|Photo by Fernando Nuti.|
Lorena Quintanilla and Alberto Gonzalez are Lorelle Meets The Obsolete, a psychedelic band originally from Guadalajara in Mexico. Their music has been described as a 'hot pot of shoegaze and Krautrock bubbled through a psych filter'(1), though they self-describe as 'pattern music'. They have released three studio albums 'On Welfare', 'Corruptible Faces', and 'Chambers' and in April 2015 they released the excellent 'Vocablo No.1' as a split single on God Unknown with Cloudland Canyon. When contacted this summer they were kind enough to agree to a wide ranging interview.

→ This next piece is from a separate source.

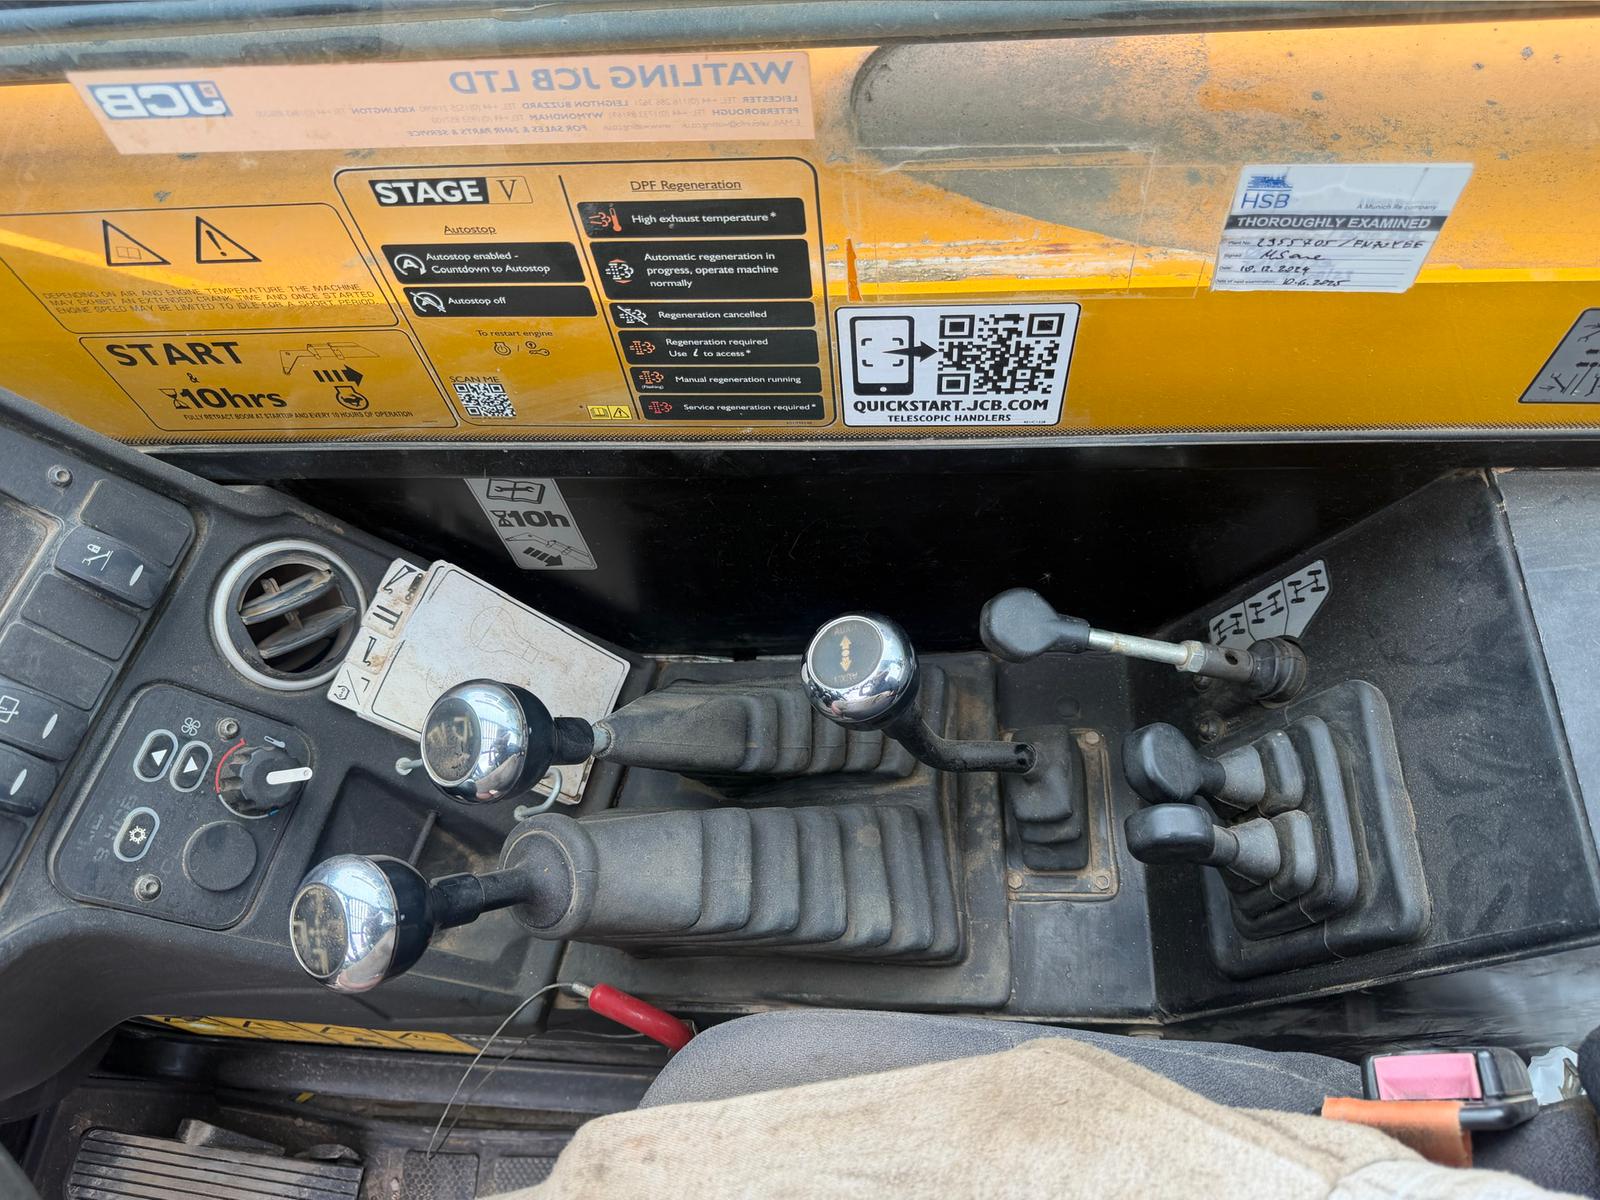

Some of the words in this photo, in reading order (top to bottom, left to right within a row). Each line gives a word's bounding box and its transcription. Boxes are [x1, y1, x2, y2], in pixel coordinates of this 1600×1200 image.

Q: You are originally from Guadalajara in Mexico and moved, via Mexico City, to California in 2013 (2). Would you see your music now as a synthesis of two places/cultures; coming from a place of overlap?
Alberto: Absolutely. We actually moved to Ensenada, a small city, in Baja California that is still Mexico but only a few kilometers south of the borderline so this synthesis you mention I see it as the influence of coming from two structurally different places. Guadalajara and Mexico City are chaotic cities that had an abrasive effect on us and Ensenada with not even a fourth of Mexico City’s population and its laid back way of life presented as an opportunity to seclude and really focus on being a musician.

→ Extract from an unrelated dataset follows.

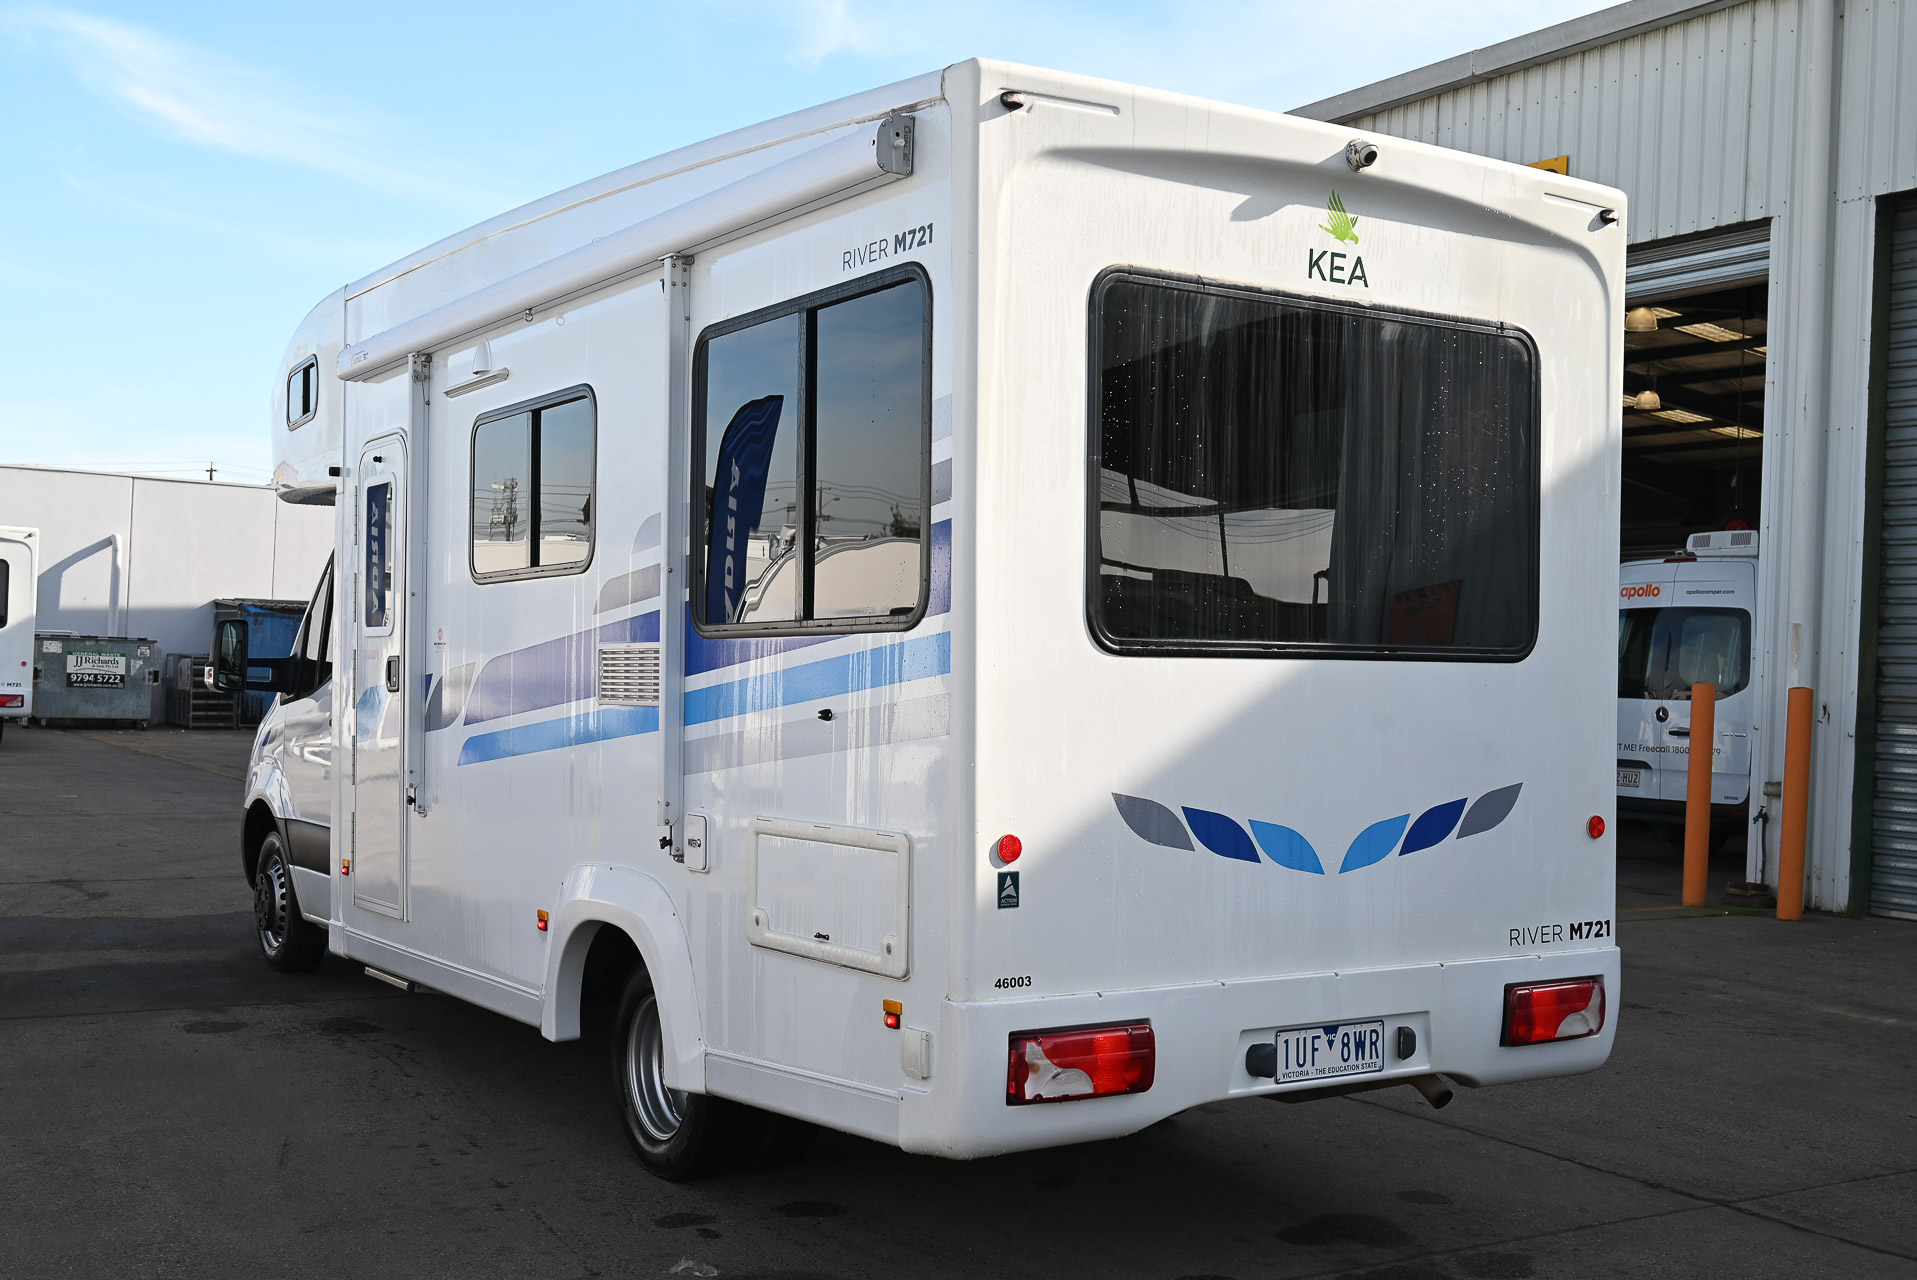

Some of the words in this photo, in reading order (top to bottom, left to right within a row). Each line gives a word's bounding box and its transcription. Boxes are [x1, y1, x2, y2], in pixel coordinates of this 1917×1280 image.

Q: Has moving to California with its accompanying culture had an effect on your creative process and expression?
Alberto: Rather than the cultural richness of the area what really had an effect was the way of life we adopted here. We live on a very restrained budget, we barely go out, we don’t have many friends and we basically live in the outskirts, close to the hills. This made our creative process more focused.
Q: I was reading an interview you gave to ourvinyl.TV (3) and was interested that you mentioned the importance of having a similar ideology to other band members and your disappointment in seeing other bands being inconsistent in their 'ethics and ideology' (3). How would you describe yourselves in terms of your own ideologies?

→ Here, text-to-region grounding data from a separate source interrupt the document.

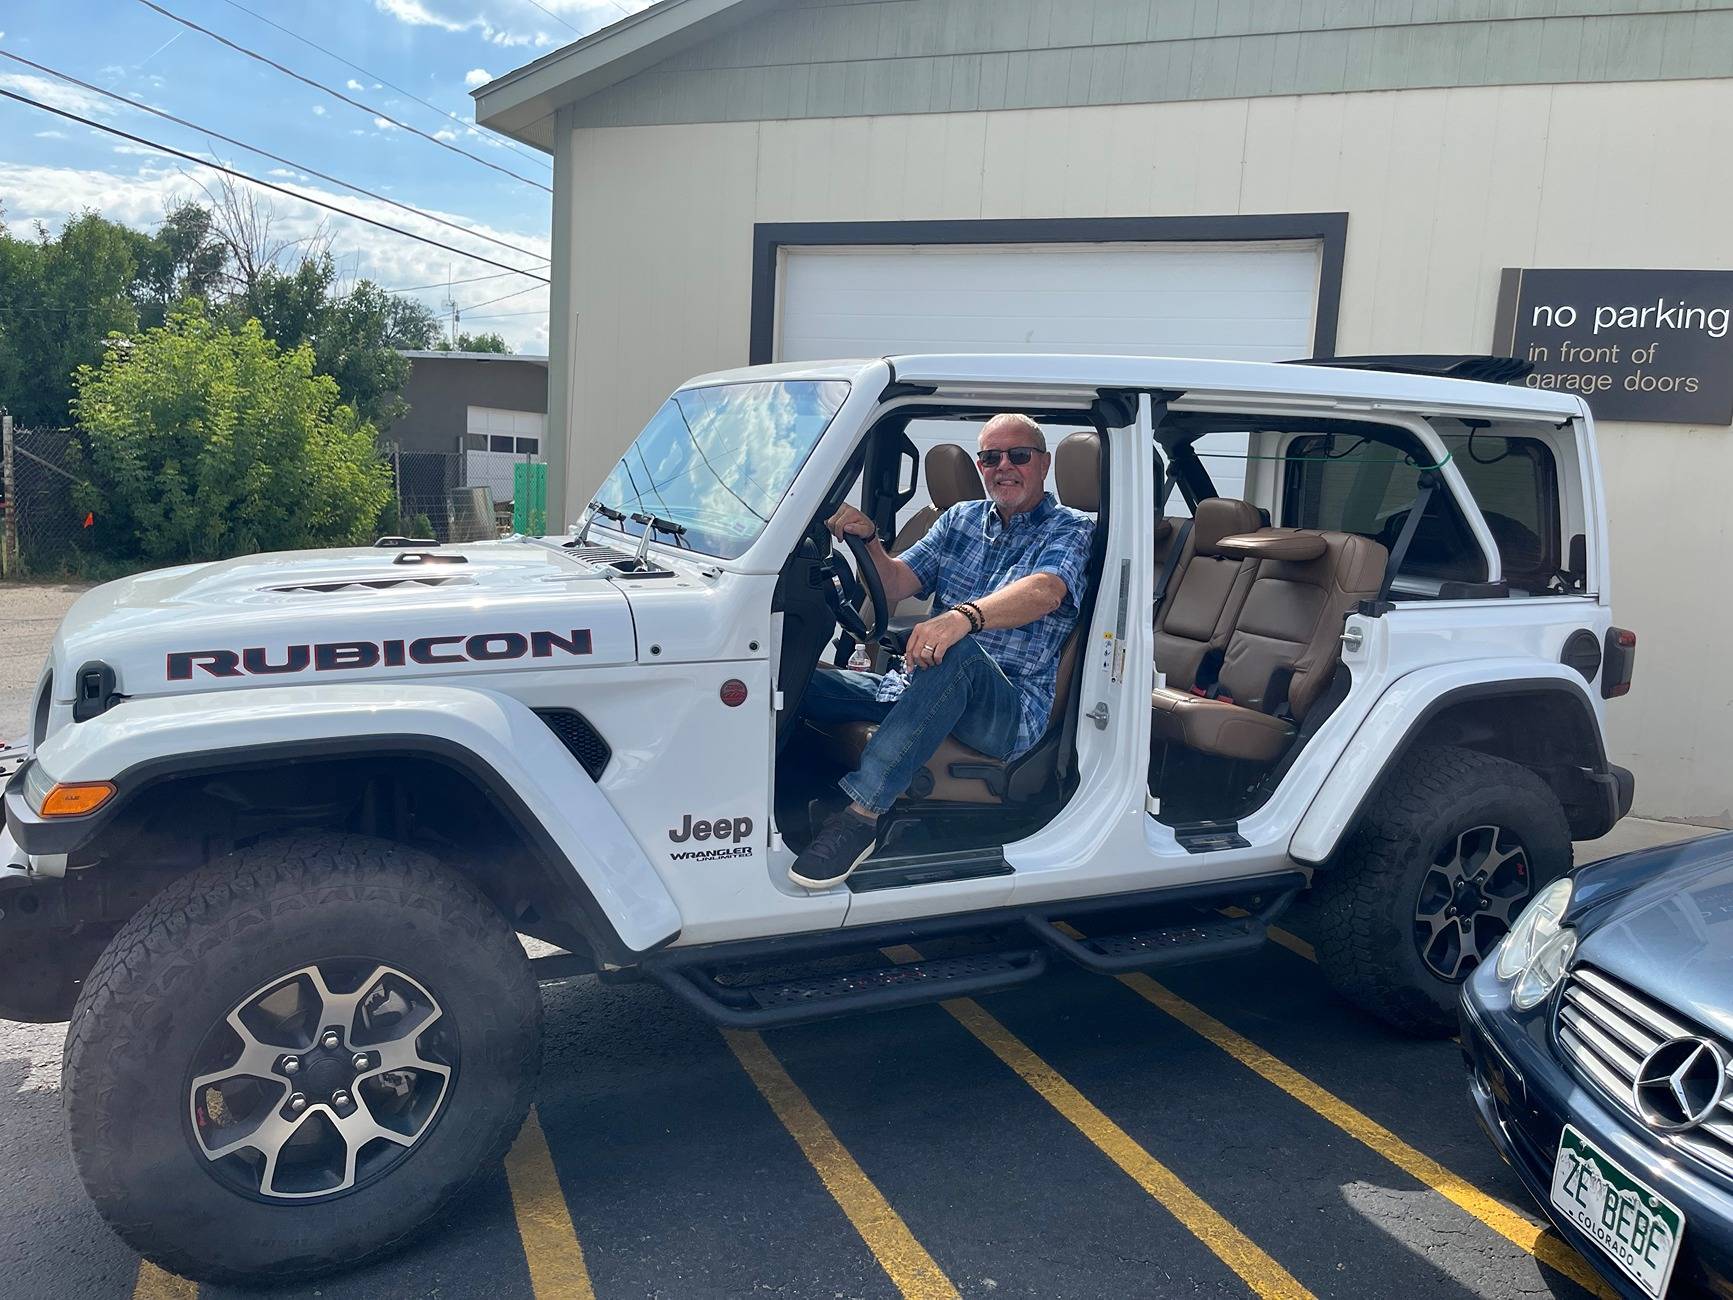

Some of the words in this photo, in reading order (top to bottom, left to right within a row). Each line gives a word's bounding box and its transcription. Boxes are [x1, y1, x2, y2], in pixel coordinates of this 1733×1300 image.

[1531, 304, 1577, 328] no
[1593, 298, 1730, 338] parking
[1528, 342, 1548, 362] in
[1560, 341, 1620, 364] front
[1631, 342, 1659, 364] of
[1525, 372, 1613, 394] garage
[1624, 370, 1699, 393] doors
[166, 628, 593, 681] RUBICON
[668, 814, 753, 844] Jeep
[670, 846, 753, 861] WRANGLER
[696, 853, 753, 862] UNLIMITED
[1562, 1153, 1593, 1209] ZE
[1601, 1184, 1666, 1270] BEBE
[1578, 1211, 1635, 1266] COLORADO

Alberto: This is a question we make ourselves quite often because we keep shaping our ideology but in its core we just try not to think a lot in ourselves. We try to cooperate as much as possible with the entities around us to build a sustainable structure for everybody.
Q: Talking about your album 'Chambers' (2014) Lorena commented that you felt more comfortable expressing yourselves by making music at that time (5). Would you see your music as a type of abstract art, a transposing of concepts/emotions into sound?
Lorena: Yeah, I do enjoy translating concepts and emotions into music. What happens is that I always need more time to communicate my ideas and any activity that gives me enough time to think and elaborate what I really want to express is great for me. I also think with music I can ‘suggest’ thoughts rather than ‘impose’ them.
Q: Earlier this year you released an excellent track 'Vocablo No.1' on a split single with Cloudland Canyon as part of God Unknown's Singles Club series. How did that come about?
Alberto: Thanks! We played with Mugstar in an all-dayer show in Leeds and some months after, the bassist, Jason Stoll who also runs God Unknown invited us to the series. We got super excited when he mentioned we would do the split with Cloudland Canyon as we love and deeply respect their music. Plus Kip Uhlhorn is always a great host when we have played in Memphis. We may record with him at his studio someday.
Q: In Relational Aesthetics the art is completed by the contributions of others, do you find that it is in collaboration and/or live that your music finds it's fullest expression? Do you enjoy collaborating with other musicians?
Lorena: I think our music just can’t be complete without the listeners and the live show is the moment when we present our work to them. Working with other people is one of our favorite things. All our live guests are friends and musicians that we deeply respect and they change our whole perspective of our own songs. Through our different live lineups we’ve adapted the songs in terms of their own identity as musicians instead of forcing them to play them exactly as they sound in the records. This way each lineup sounds completely different and we get to collaborate in a true sense.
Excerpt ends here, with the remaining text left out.